No entanto, o jogo também tem sido visto através de uma luz mais positiva ao longo de sua história. Em lugares como o Reino Unido, Austrália e Estados Unidos, o jogo é às vezes relacionado a um sentimento de nacionalismo.
Isso acontece particularmente no que diz respeito às práticas endémicas como o poker, que é considerado por alguns um empreendimento americano, um desporto americano. O poker é considerado uma encarnação do espírito americano e expandiu-se em todo o mundo em constituir mercados transnacionais (Lears, 2003). Alguns ainda consideram o jogo como uma prática igualitária. Por exemplo, Clarke afirma que o casino é "cruelmente igualitário, descaradamente democrático" (Clarke, 2003, p.12), na qual a distribuição da riqueza é aleatória.
Contrário das noções de jogos de azar como uma força que perturba a ordem social e moral ao provocar o vício, outros têm ainda identificado um tipo de poder inerente ao jogo. Em relação ao consumo das mulheres do poker, por exemplo, Abarbanel e Bernhard afirmam que "a barreira para o avanço que é aplicada na teoria microestrutural mais feminista não se encaixa no mundo do poker" (Abarbanel e Bernhard, 2012, pp. 368-369).
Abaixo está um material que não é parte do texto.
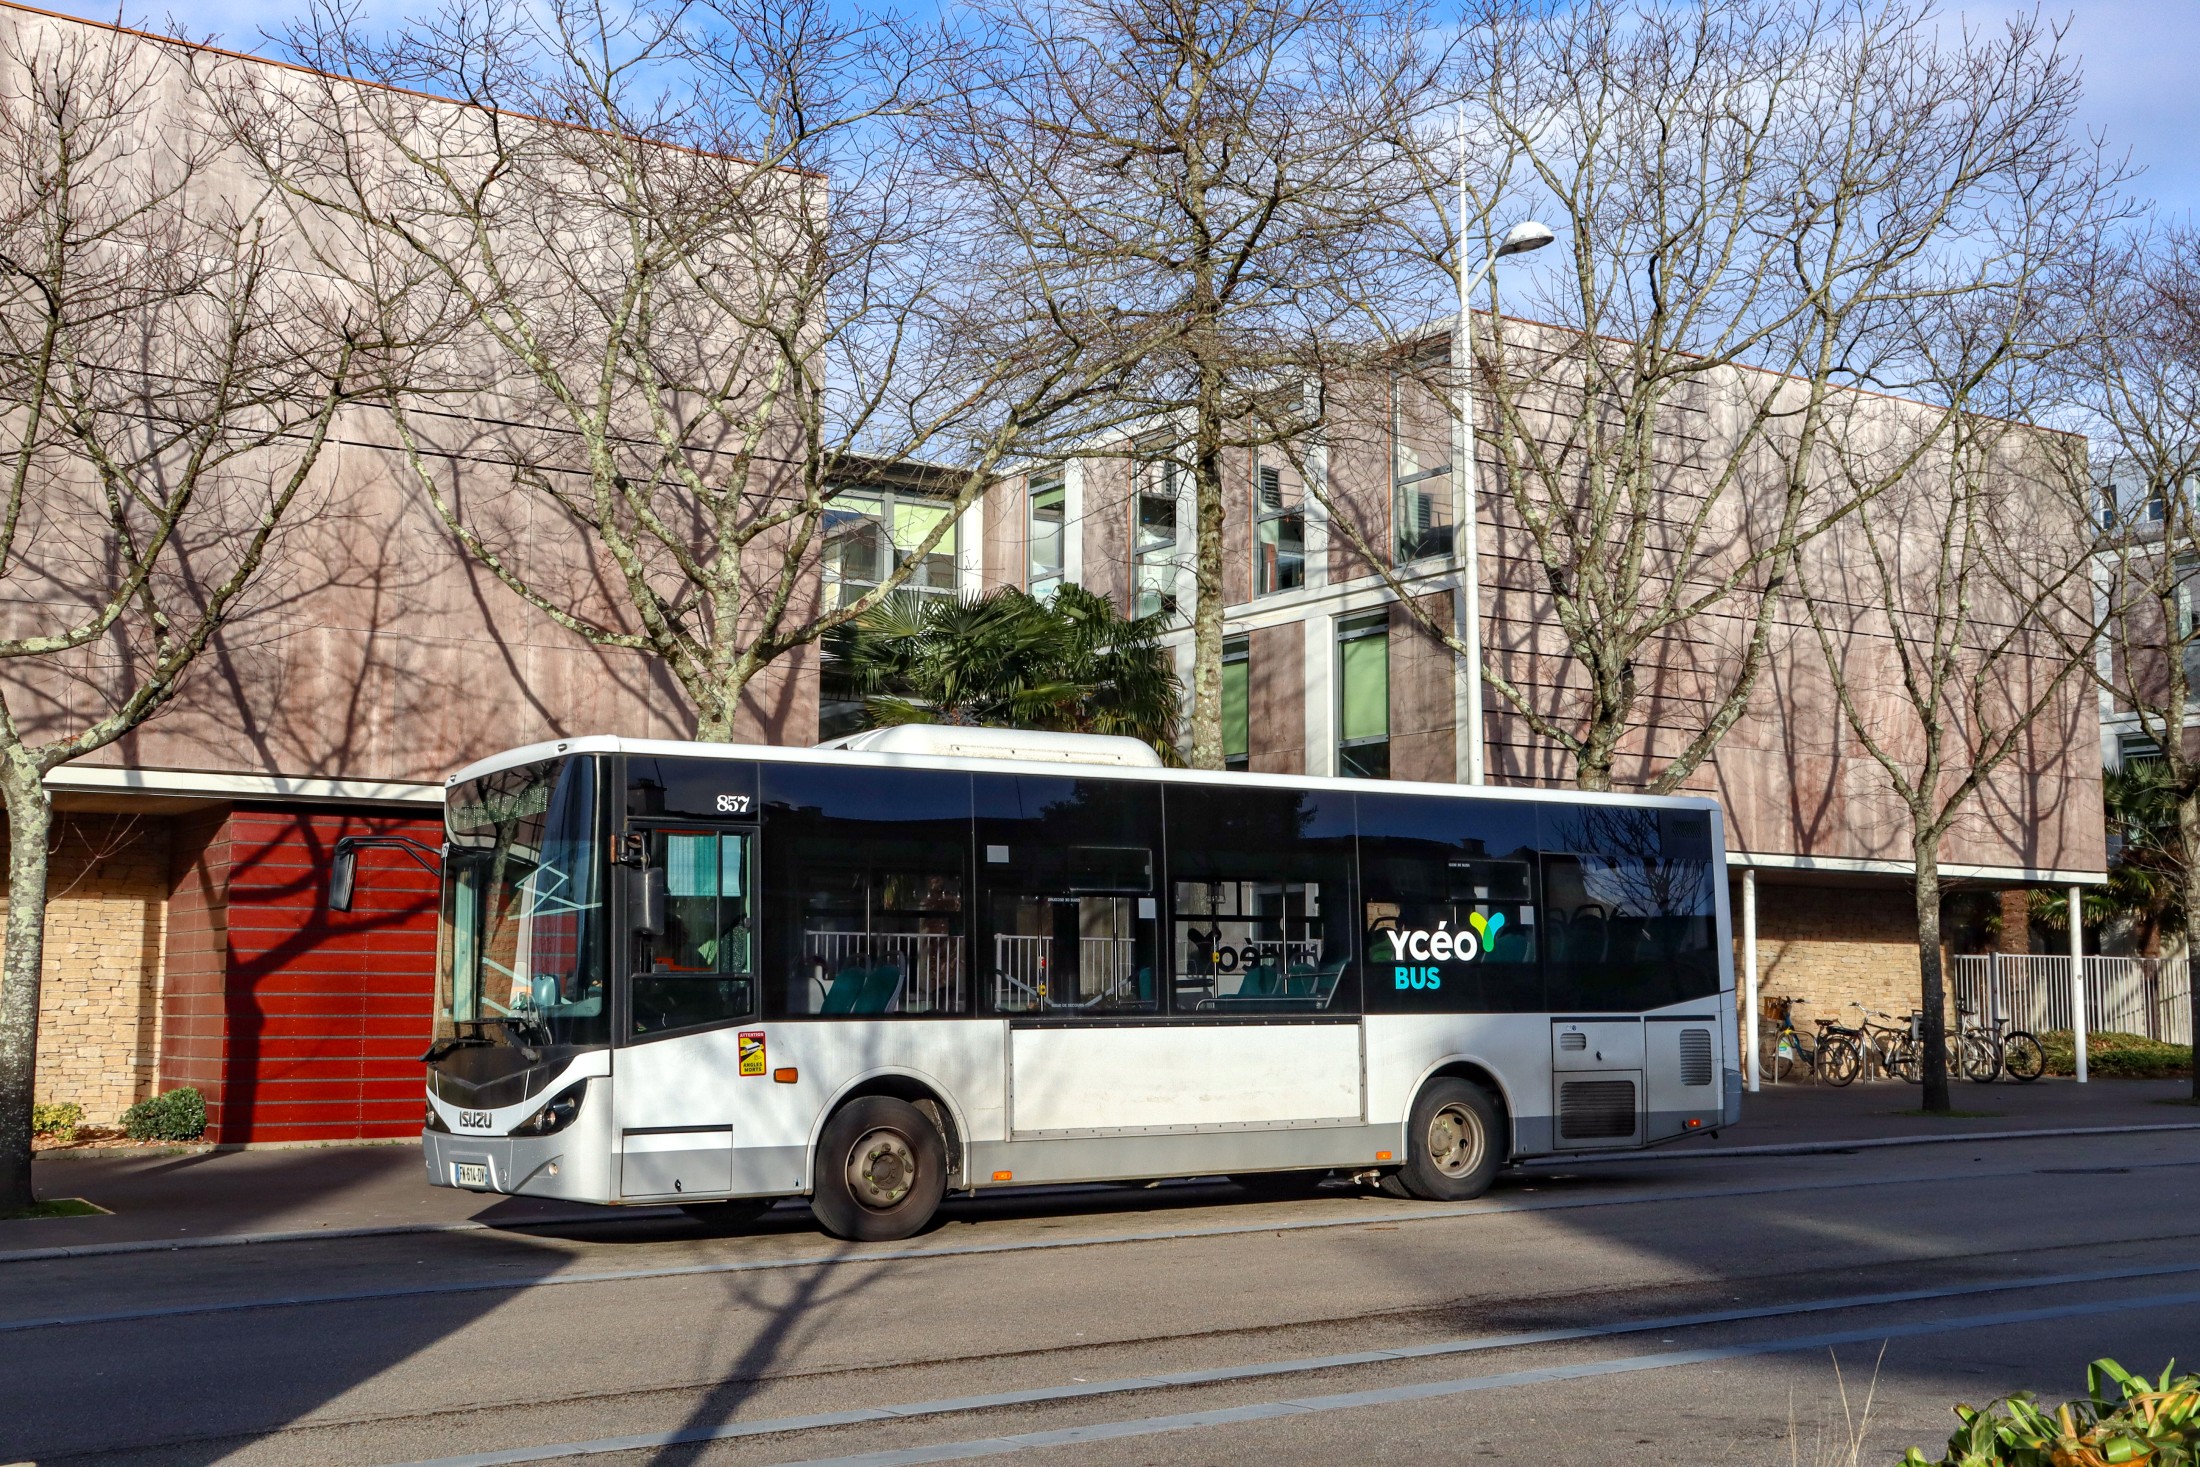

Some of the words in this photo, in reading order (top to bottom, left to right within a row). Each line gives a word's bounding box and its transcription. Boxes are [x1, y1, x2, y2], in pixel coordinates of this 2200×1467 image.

[716, 794, 750, 813] 857
[1386, 920, 1478, 962] Ycéo
[1394, 967, 1441, 990] BUS
[460, 1110, 492, 1128] ISUZU
Eles explicam que as mulheres não são explicitamente oprimidas no poker com remuneração inferior ou menos progresso e o jogo não discrimina abertamente as mulheres. Tendo em conta que, no longo prazo, a sorte é mesmo entre adversários, o poker parece constituir uma meritocracia rara. (Abarbanel e Bernhard, 2012, pp. 369)
A controvérsia tem sido mais forte especialmente quando a mídia e as mudanças culturais tornam o jogo mais amplamente disponível. Por exemplo, até o século XV, os jogos de carta na Europa eram afazeres aristocráticos em parte devido ao alto custo das stacks pintadas à mão (Kelly, 2006, 2011; ver também Parlett, 1991). O advento da imprensa escrita possibilitou a disponibilização das cartas para o povo. A proliferação de jogos de azar motivou o Estado e a Igreja a impor controles sobre as actividades de apostas na Europa.
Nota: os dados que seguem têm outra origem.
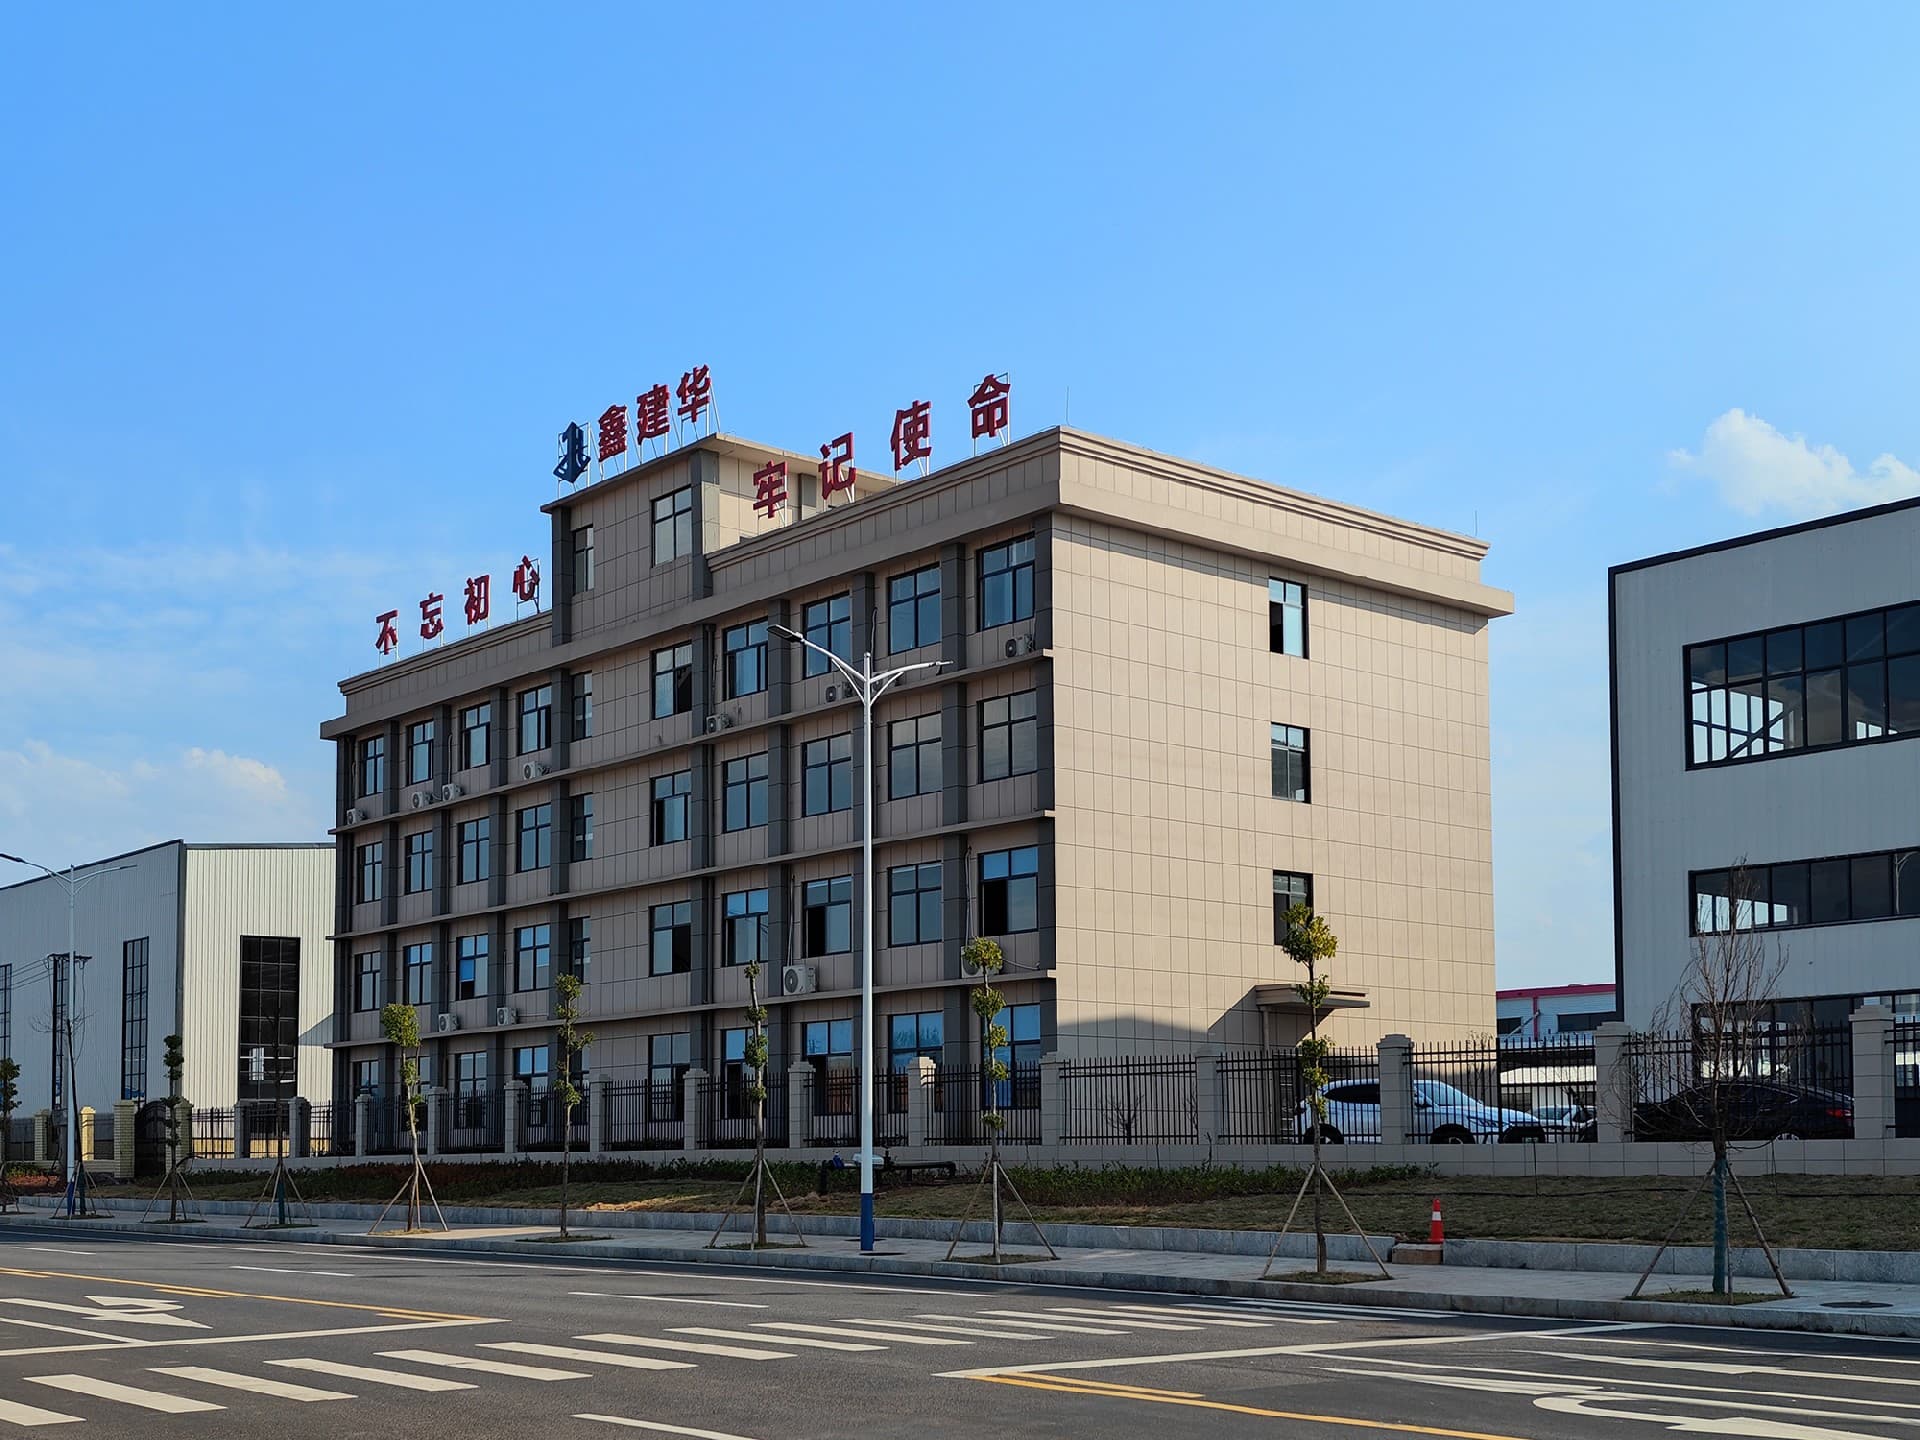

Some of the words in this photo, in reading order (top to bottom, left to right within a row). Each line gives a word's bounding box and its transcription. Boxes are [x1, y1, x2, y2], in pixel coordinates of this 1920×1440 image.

[598, 364, 711, 462] 鑫建华
[753, 374, 1011, 519] 牢记使命
[376, 555, 540, 655] 不忘初心
O movimento a favor do jogo online representa uma mudança semelhante com alguns contrários a ele e outros recebendo-o com entusiasmo.
Hoje em dia, o poker tornou-se culturalmente normalizado e é visto por muitos como uma forma válida de entretenimento. A normalização cultural acontece quando uma prática ou uma idéia que poderia ter sido percebida como perturbadora no início passa a ser vista como uma parte normal da vida cotidiana. Esse foi o caso do poker, que deixou de ser universalmente entendido como uma actividade de indução ao vício para ser um dos jogos mais jogados no mundo e tornar-se parte da cultura popular global.
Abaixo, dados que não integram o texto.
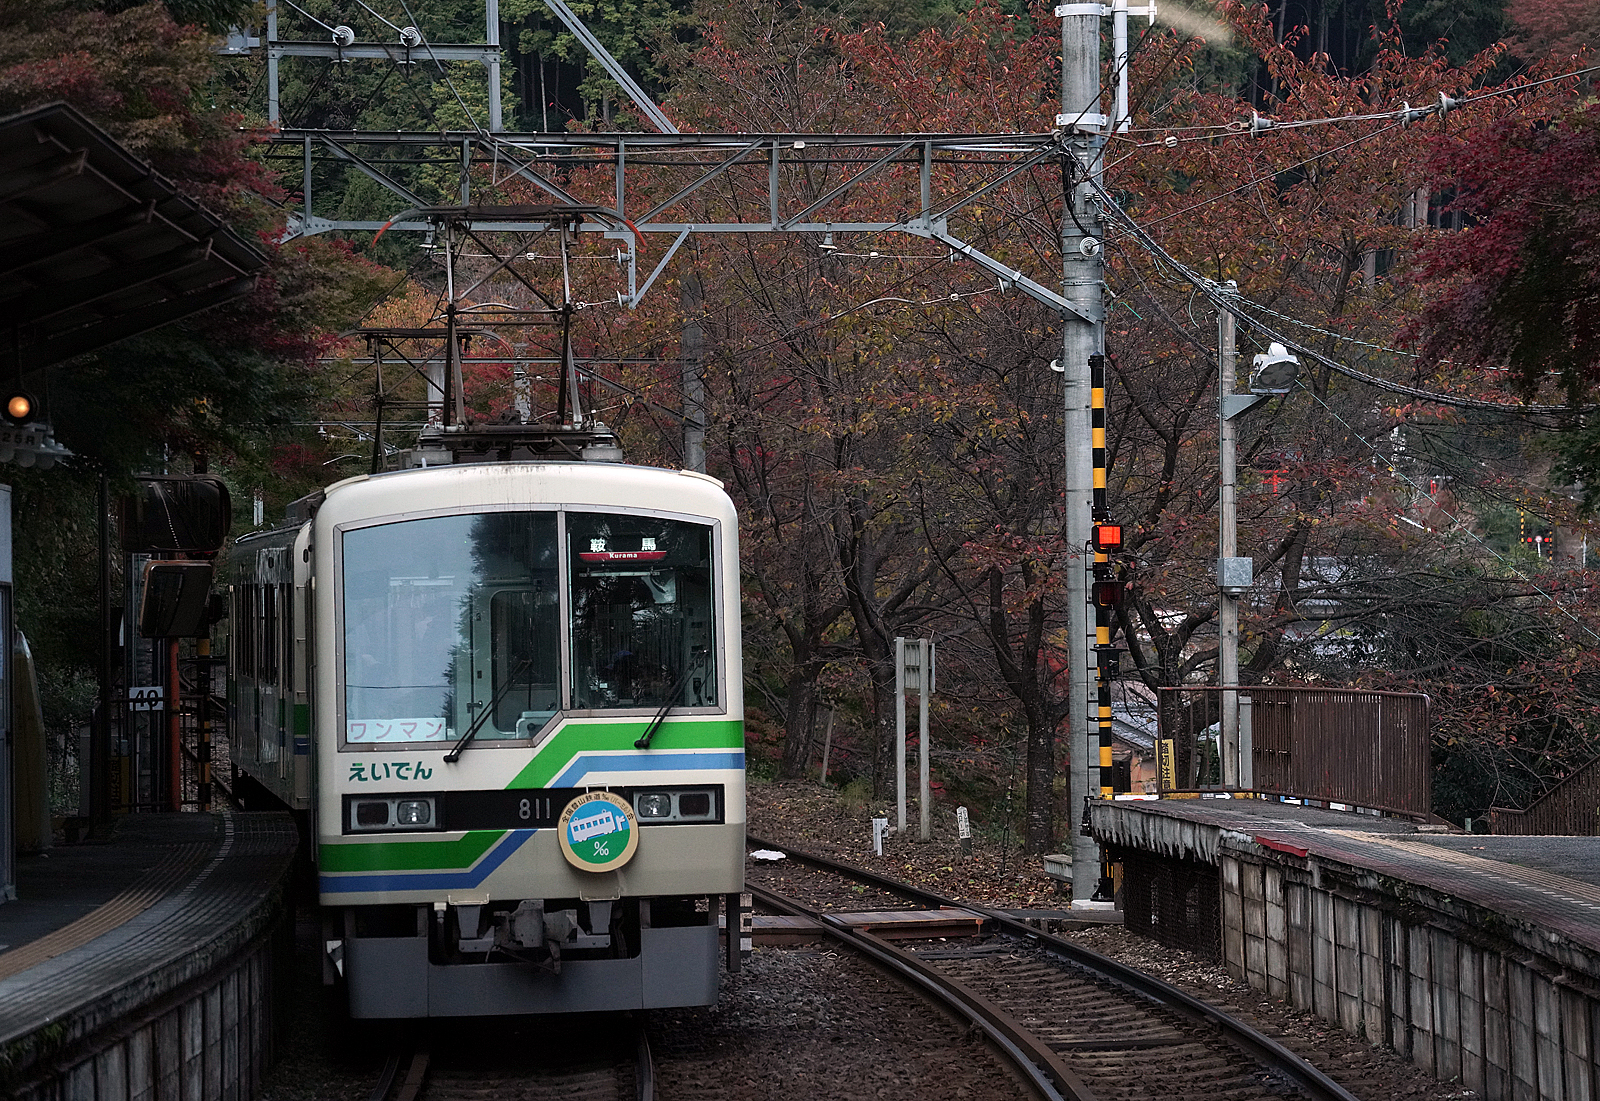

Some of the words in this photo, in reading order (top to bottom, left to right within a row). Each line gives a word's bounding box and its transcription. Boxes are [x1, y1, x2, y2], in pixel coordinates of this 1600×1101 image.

[609, 552, 638, 560] Kurama
[135, 689, 159, 708] 40
[350, 722, 442, 740] ワンマン
[348, 761, 433, 782] えいでん
[518, 798, 551, 819] 811
No fim dos anos 1990, o jogo online, inicialmente a roleta, as apostas em desportos e o poker, foi introduzido como um novo empreendimento comercial alinhado com os discursos e as práticas da era da Internet, que era a promessa de ganhos financeiros imprevistos através de meios digitais.
O primeiro site de poker online a disponibilizar apostas em dinheiro real foi o extinto Planet Poker, mantido por Randy Blumer. A primeira mão foi distribuída em 1 de Janeiro de 1998. O site tornou-se comercialmente viável apenas alguns meses após o seu lançamento, mas sofreu problemas graves devido à limitações técnicas de redes tecnológicas actuais, como por exemplo conexões discadas de má qualidade, software deficiente e limitações geográficas (E. Smith, 2011). A co-presença em tempo real revelou-se ser difícil. Em 1999 Paradise Poker desafiou o monopólio da Planet Poker e assim começou a proliferação implacável e a concorrência impiedosa de salas de poker online.
Um pouco mais de 15 anos depois, o tamanho e o alcance da indústria de poker online são culturalmente e financeiramente significativos. De acordo com os resultados de uma vasta e pioneira auditoria de operadores de poker online, conduzida por pesquisadores da Universidade de Hamburgo, em 2010, seis milhões de pessoas envolvidas no poker online deram 3.61 bilhões de dólares em apostas para os operadores. Estes valores, que não incluem jogos sociais de casino, como Zynga Poker tornaram esta indústria muito rentável a ampliou a rede de utilizadores (Fiedler e Wilcke, 2011). Fiedler e Wilcke (2011) argumentam em relação ao poker online: "muitos jogadores e os efeitos de rede correspondente ajudaram o jogo a crescer a um tamanho não correspondido no mundo offline" (Fiedler e Wilcke, 2011).
Uma vez que o poker online tem sido jogado por uma grande quantidade de jogadores, alguns jogadores de influência na indústria têm comparado regulamentos rigorosos do poker online com a era da proibição, quando o consumo de álcool foi proibido nos Estados Unidos. No final de 2013, o magnata dos casinos Steve Wynn disse aos repórteres: "jogar poker é a América e proibir o poker é como a Lei Seca na qual a cerveja é proibida" (Sieroty, 2013). Algumas figuras políticas nos Estados Unidos adoptaram uma postura surpreendente a favor do poker online. O representante do Texas, Joe Barton, por exemplo, exclamou durante uma audiência no Congresso sobre a Lei de Liberdade de Poker em Dezembro de 2013 que Deus é a favor do poker online (Weber, 2013).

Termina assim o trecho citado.